> [WHAT TO WORK ON]:
Please output exactly the lines from the one containing "this 1800×1218 image." through the last line of the records, both included.
-- LISTED ENTRIES follows --
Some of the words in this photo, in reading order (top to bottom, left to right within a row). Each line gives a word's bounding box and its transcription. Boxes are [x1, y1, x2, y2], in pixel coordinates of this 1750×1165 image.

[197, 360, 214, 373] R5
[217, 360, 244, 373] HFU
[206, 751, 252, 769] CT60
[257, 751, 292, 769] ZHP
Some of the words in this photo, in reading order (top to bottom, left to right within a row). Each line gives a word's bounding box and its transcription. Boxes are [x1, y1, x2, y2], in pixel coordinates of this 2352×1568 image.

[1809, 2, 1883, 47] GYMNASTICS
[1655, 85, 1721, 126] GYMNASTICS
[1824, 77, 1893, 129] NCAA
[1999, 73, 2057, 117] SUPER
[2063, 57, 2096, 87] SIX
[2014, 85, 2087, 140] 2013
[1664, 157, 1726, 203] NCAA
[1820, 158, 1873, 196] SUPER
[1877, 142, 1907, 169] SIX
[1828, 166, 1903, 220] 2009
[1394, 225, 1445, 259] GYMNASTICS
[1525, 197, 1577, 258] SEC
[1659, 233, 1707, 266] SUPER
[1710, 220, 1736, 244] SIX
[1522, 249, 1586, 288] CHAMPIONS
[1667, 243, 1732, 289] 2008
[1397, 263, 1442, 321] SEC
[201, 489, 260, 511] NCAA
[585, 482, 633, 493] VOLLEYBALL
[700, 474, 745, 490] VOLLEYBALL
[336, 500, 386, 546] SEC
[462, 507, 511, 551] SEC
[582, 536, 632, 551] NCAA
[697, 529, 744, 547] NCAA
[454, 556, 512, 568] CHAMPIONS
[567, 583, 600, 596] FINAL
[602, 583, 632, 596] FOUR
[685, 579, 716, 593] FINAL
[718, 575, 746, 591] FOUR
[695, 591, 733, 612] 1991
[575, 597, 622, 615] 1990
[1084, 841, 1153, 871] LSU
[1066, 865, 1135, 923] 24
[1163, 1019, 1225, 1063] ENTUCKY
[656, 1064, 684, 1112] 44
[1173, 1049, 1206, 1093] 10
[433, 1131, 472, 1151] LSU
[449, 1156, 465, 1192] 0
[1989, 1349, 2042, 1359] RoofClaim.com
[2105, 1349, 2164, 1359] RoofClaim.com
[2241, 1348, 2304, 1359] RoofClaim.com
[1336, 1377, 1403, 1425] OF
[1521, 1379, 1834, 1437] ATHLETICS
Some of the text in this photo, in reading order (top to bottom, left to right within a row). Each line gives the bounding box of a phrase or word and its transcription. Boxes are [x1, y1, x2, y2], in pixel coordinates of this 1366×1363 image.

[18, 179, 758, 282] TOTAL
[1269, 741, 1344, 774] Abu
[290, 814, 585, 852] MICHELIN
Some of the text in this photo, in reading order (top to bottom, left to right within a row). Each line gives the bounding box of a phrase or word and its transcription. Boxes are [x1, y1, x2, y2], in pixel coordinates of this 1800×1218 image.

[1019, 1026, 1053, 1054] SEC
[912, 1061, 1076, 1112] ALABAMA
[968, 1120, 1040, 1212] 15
-- LISTED ENTRIES concluded --
> [REPLY TO THE TASK]:
Some of the text in this photo, in reading order (top to bottom, left to right within a row). Each line gives the bounding box of a phrase or word and its transcription. Boxes are [x1, y1, x2, y2], in pixel coordinates of this 1800×1218 image.

[1019, 1026, 1053, 1054] SEC
[912, 1061, 1076, 1112] ALABAMA
[968, 1120, 1040, 1212] 15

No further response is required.